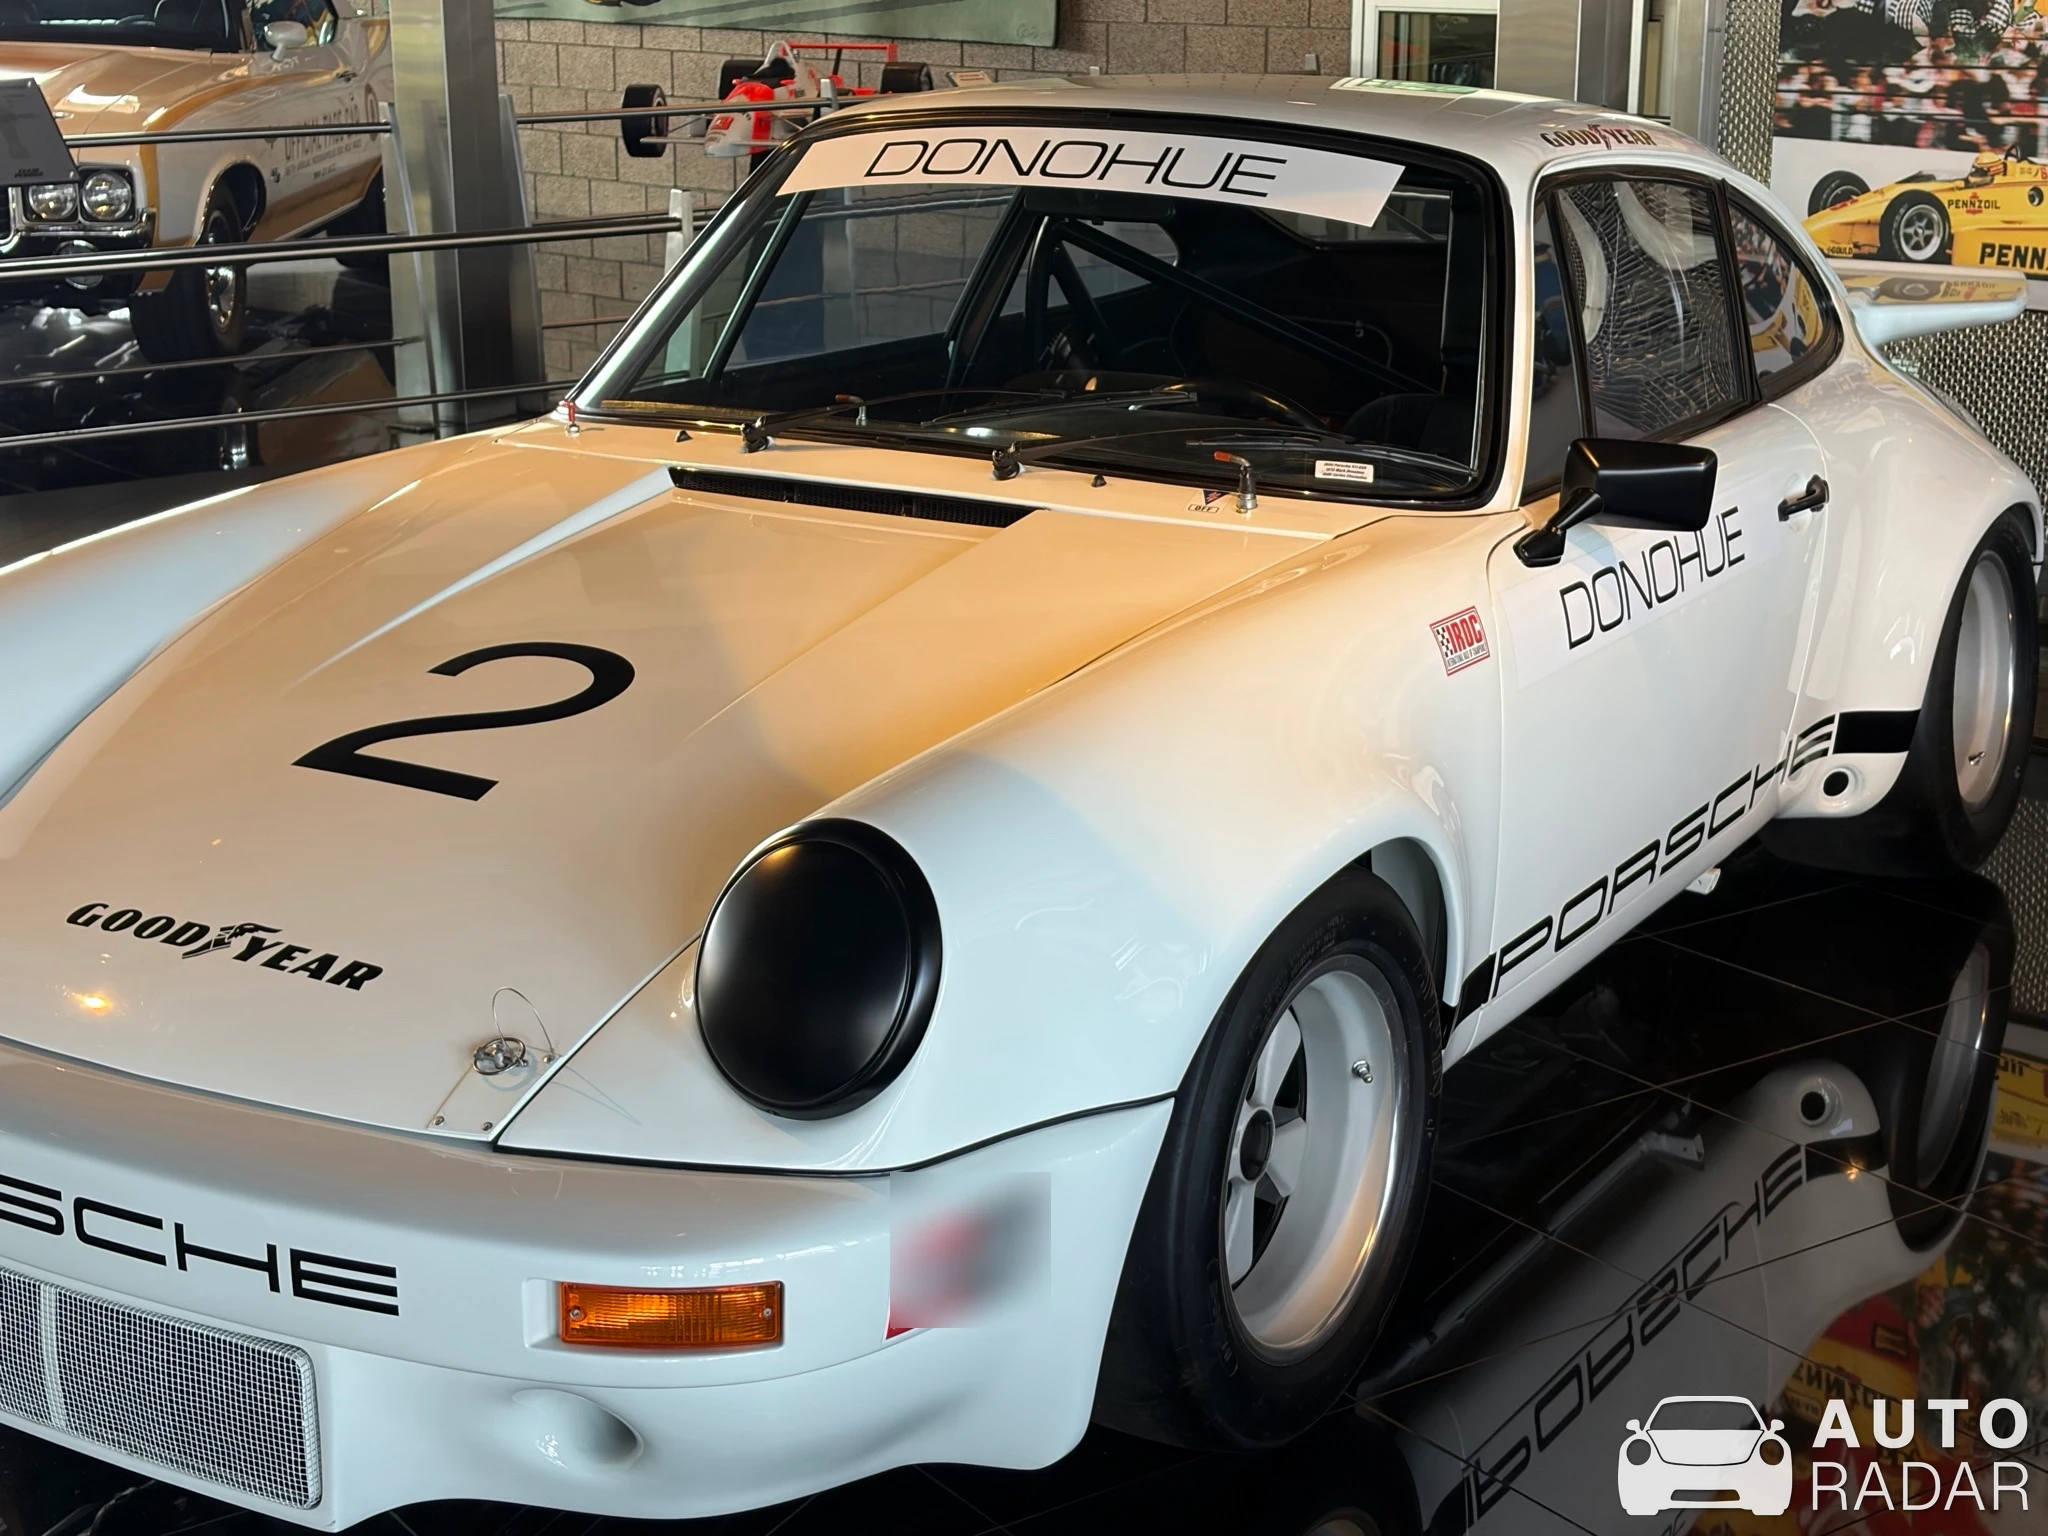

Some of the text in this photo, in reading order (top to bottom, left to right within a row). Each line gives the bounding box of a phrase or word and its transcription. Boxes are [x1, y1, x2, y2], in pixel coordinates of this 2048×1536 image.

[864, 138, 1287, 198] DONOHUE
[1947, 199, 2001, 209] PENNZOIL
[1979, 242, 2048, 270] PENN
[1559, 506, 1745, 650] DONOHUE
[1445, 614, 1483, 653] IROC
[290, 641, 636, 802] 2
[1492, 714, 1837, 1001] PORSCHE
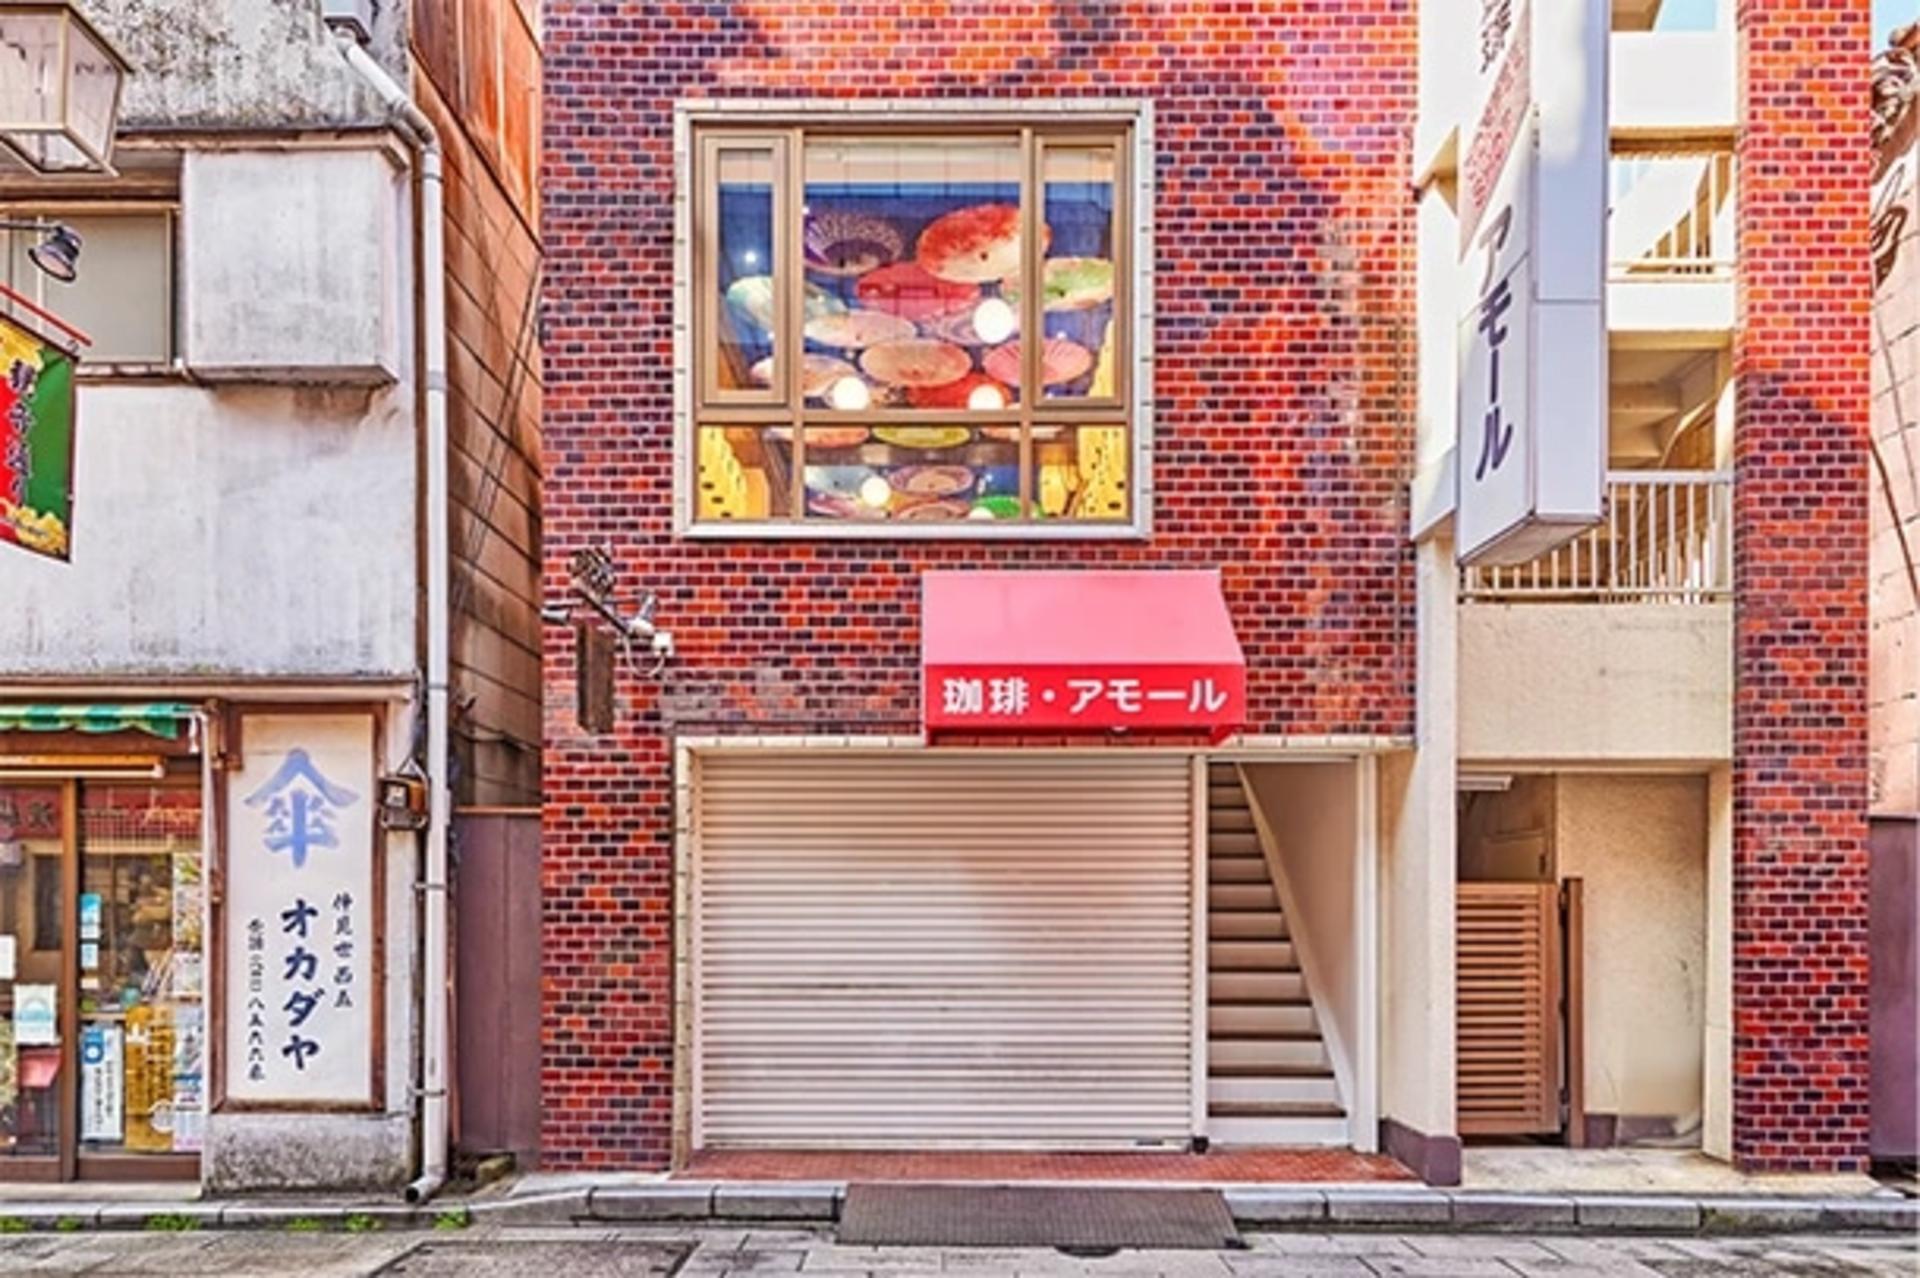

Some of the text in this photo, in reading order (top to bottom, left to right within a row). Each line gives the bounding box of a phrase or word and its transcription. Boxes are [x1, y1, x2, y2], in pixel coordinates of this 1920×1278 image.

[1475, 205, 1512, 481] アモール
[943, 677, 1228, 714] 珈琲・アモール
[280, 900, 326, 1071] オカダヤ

══════════

DESCRIPTION OF THE TASK:
Copy out exactly the lines between the line with "this 1920×1278 image." and the last line of the entries, counting both of those lines.

RESULT FOR THIS EXERCISE:
Some of the text in this photo, in reading order (top to bottom, left to right within a row). Each line gives the bounding box of a phrase or word and its transcription. Boxes are [x1, y1, x2, y2], in pixel coordinates of this 1920×1278 image.

[1475, 205, 1512, 481] アモール
[943, 677, 1228, 714] 珈琲・アモール
[280, 900, 326, 1071] オカダヤ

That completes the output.